En des lieux forts retirés aux confins de l’Univers, où les planètes se serrent les unes les autres dans une étroite dépendance régie par les lois d’une extrême gravité, - c’est-à-dire en plein cœur de Paris - régnait un Prince d’apparence débonnaire, bien frais, bien rose, et bien dodu. On lui souffla que son favori lui taillait des croupières et il en conçut une cruelle désillusion. Il confia son amertume à des proches, propulsés aux plus hautes fonctions de l’Etat, tous condisciples de jeunesse et d’étude car tous de la « Promotion Voltaire ». Il murmurait de telle sorte qu’on l’entendît : « Macron m’agace, Macron m’agace ». Et ceux-ci, en pastichant le fameux conte de ce même Voltaire, affublèrent le favori du sobriquet de « Macronmégas ».
Ils suggérèrent au Prince de mettre cette créature à l’épreuve, d’abord parce que c’était un béjaune en politique, ensuite, parce que ses prétentions commençaient à leur faire de l’ombre. Le Prince autorisa Macronmégas, avec valeur d’obligation, à aller affronter le monstre qui agitait, comme les algues au fond des mers, des milliers de têtes au regard interrogateur ; et peut-être réprobateur. Une populace d’apparence soumise mais imprévisible, qui avait porté le Prince au pouvoir, mais qui commençait à gronder.
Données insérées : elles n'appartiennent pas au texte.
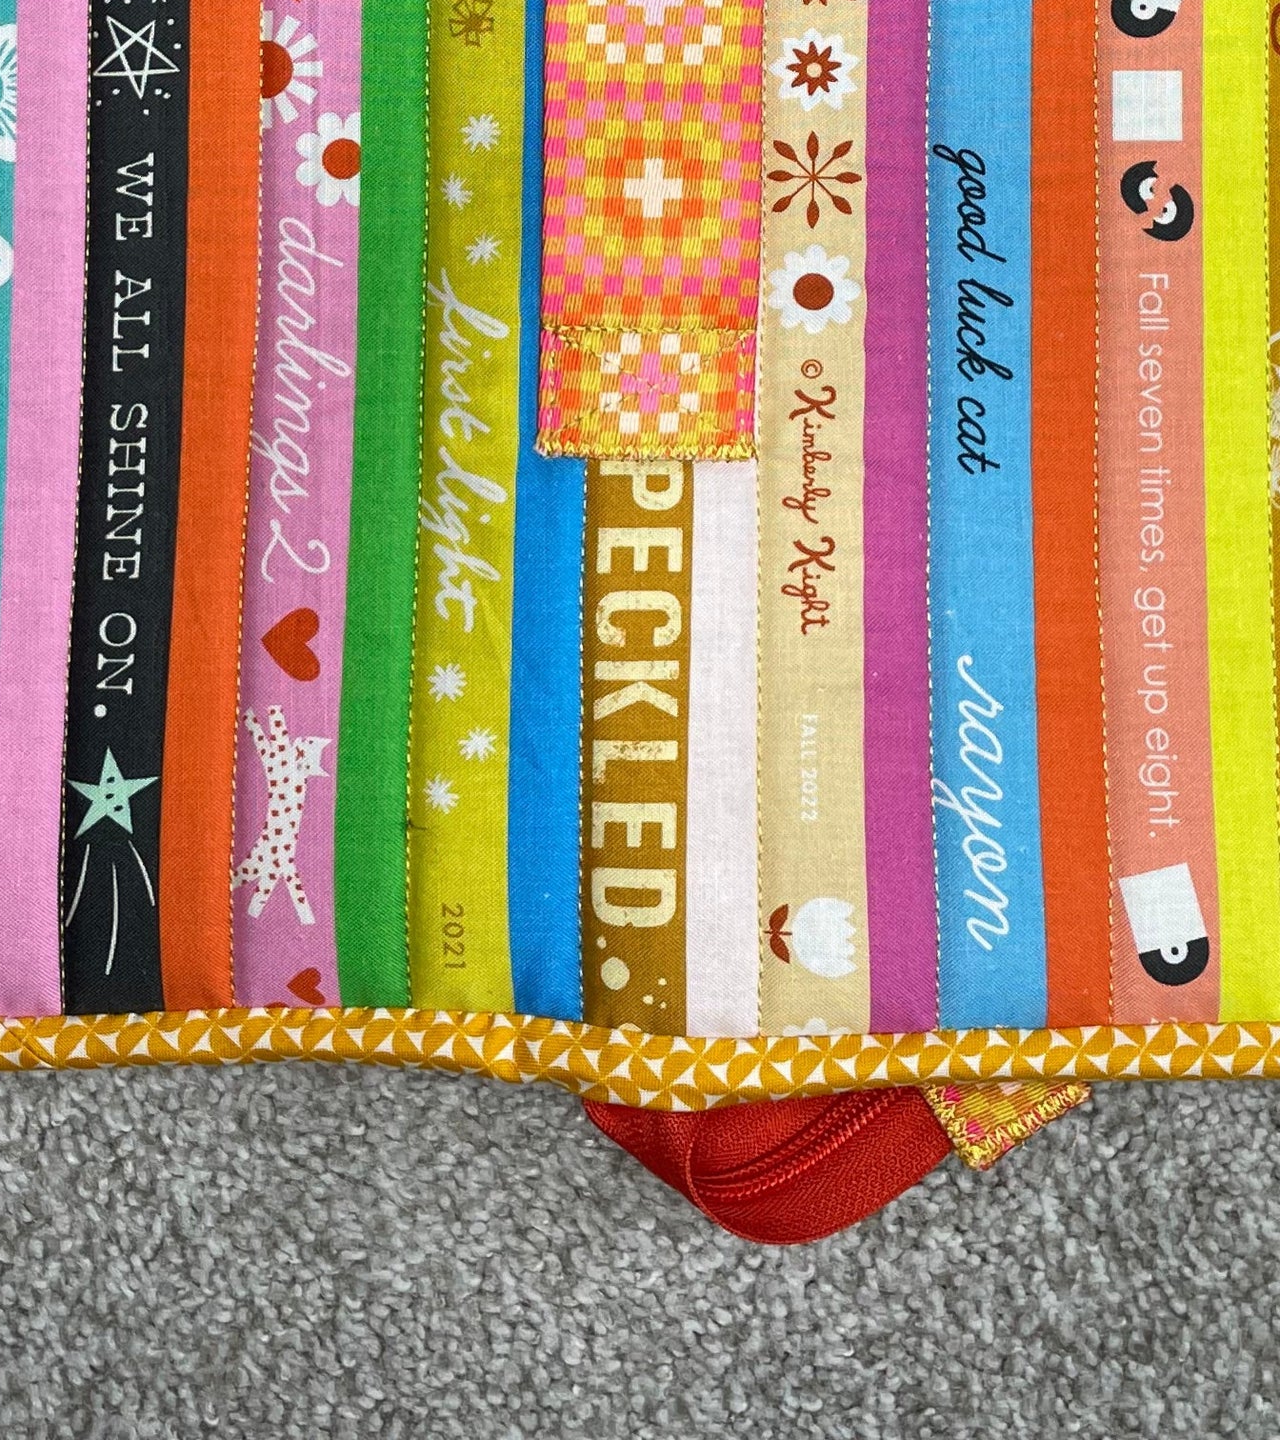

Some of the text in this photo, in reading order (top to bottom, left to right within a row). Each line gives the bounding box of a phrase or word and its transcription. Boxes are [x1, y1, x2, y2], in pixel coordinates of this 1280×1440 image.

[114, 152, 154, 241] WE
[111, 268, 154, 372] ALL
[932, 144, 1014, 476] good luck cat
[251, 217, 351, 585] darlings 2
[419, 268, 509, 635] first light
[789, 386, 836, 526] Kimberly
[101, 404, 148, 582] SHINE
[1134, 272, 1180, 838] Fall seven times, get up eight.
[781, 537, 836, 635] Kight
[800, 713, 819, 821] FALL 2022
[931, 655, 1011, 951] rayon
[441, 904, 465, 971] 2021
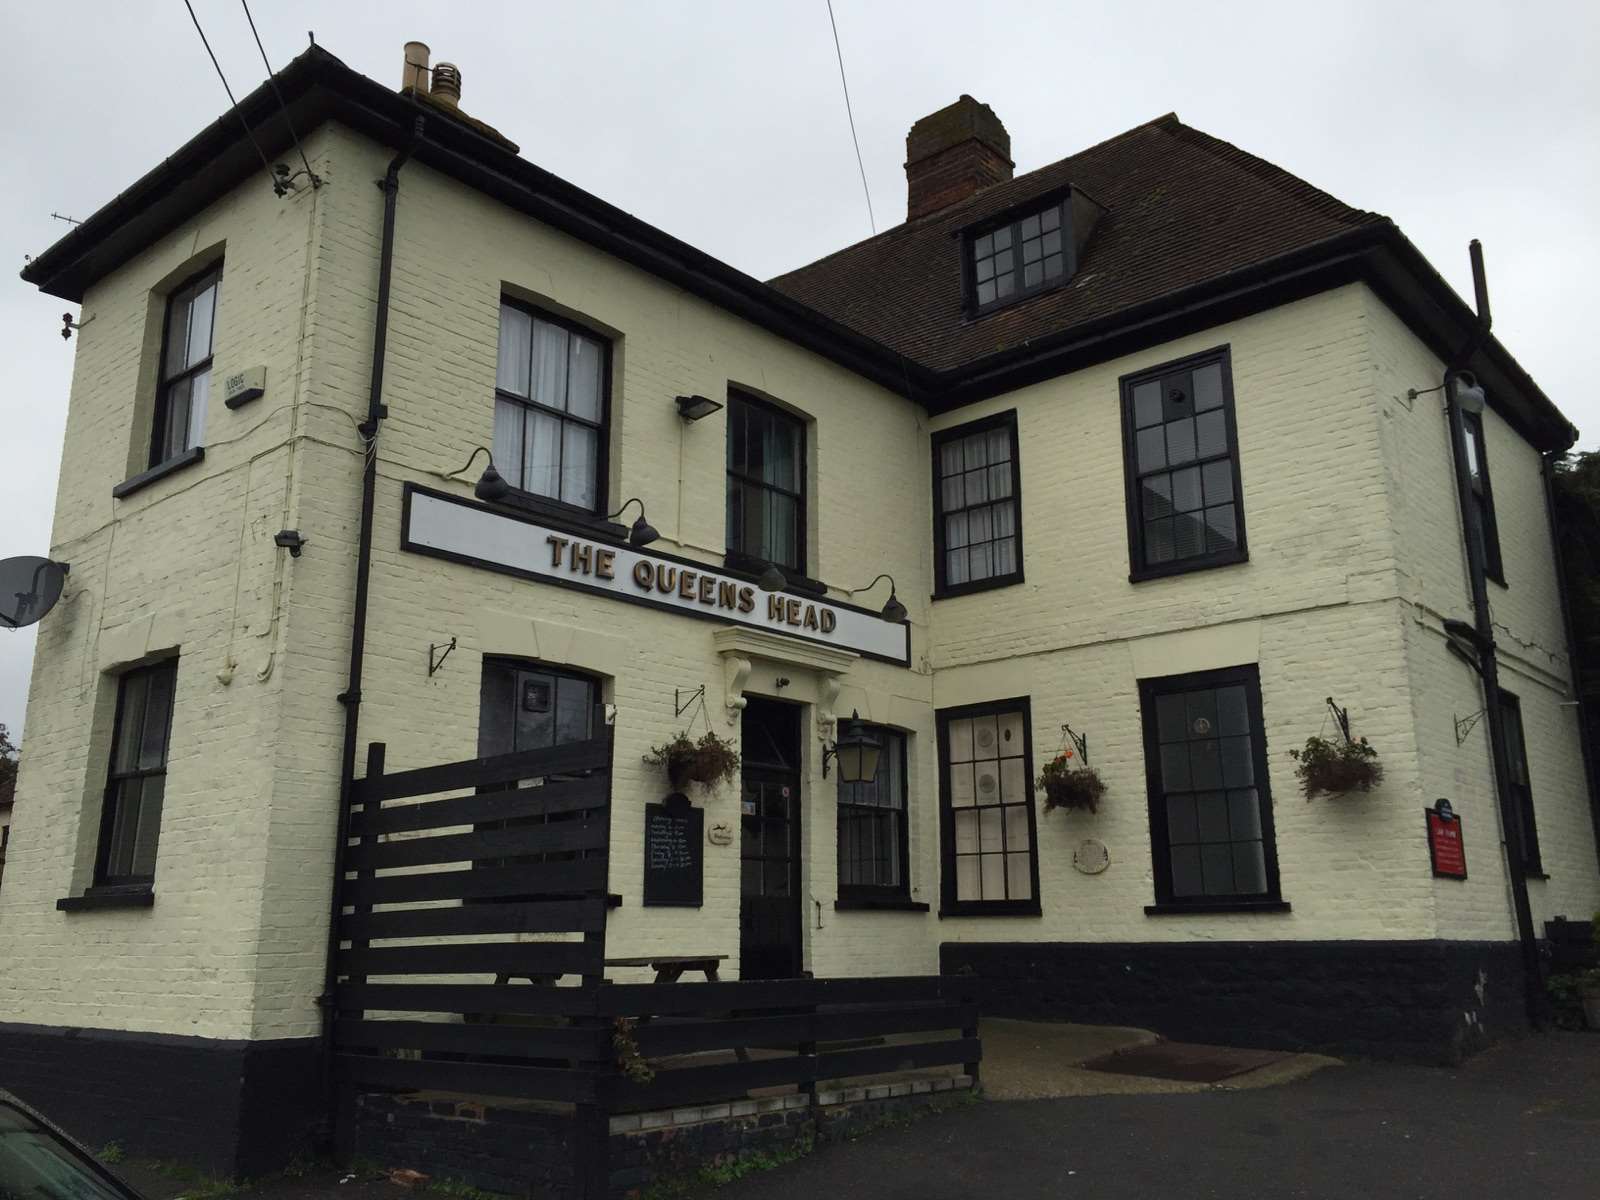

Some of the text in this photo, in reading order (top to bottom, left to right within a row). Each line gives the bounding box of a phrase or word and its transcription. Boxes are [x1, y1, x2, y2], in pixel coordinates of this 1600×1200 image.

Macronmégas, tel un nouveau Siegfried, accepta la gageure. Il enfourcha sa comète qui l’expédia sur la Terre des réalités ; ‘un globe fort mal construit, si irrégulier et d’une forme qui parait si ridicule, que tout semble dans le chaos… Les climats sont tels que les lieux sont nécessairement pauvres et mal famés’.
C’est cette comète qui, en l’an de grâce 2014, apparut à Candide dans la lunette qu’il avait mise au point, car délaissant son jardin à son acariâtre Cunégonde, pour avoir la paix, il s’était pris de passion à observer un Ciel inconnu de Galilée lui-même. Un Ciel infernal : l’Enfer politique. La comète provenait de la Constellation des Médias, elle-même jaillie du Trou Noir de la Galaxie des Enarques. Il en calcula la trajectoire et sut la modifier au moyen de miroirs réfléchissants afin qu’elle s’approchât du lieu où il se tenait. Le conducteur de la comète sauta sur une météorite qui est l’objet céleste le plus facile à manœuvrer. Et la météorite termina sa course à proximité des miroirs qui en étaient le piège. Il en débarqua un jeune homme qui, après s’être épousseté de ses particules cosmiques, considéra avec curiosité l’être banal qui venait à sa rencontre.
Ce dernier, fort civil, lui eût volontiers serré la main en signe de politesse, comme une approche d’amitié, quand le jeune homme, d’un geste balladurien, l’arrêta net : « Ne mélangeons pas les torchons et les serviettes, je vous prie, car je n’ai rien pour me désinfecter les mains ».
- Me ferez-vous alors l’honneur de me dire qui vous êtes ? interrogea l’autochtone un peu surpris d’un accueil aussi réservé.
- On m’appelle Macronmégas.
- Et moi, Candide.
- Vous êtes apparemment de ces petites gens qu’on appelle prolétaires et qui infectent la société. Vous êtes les sans-dents…
- Des sans dents qui peuvent encore mordre.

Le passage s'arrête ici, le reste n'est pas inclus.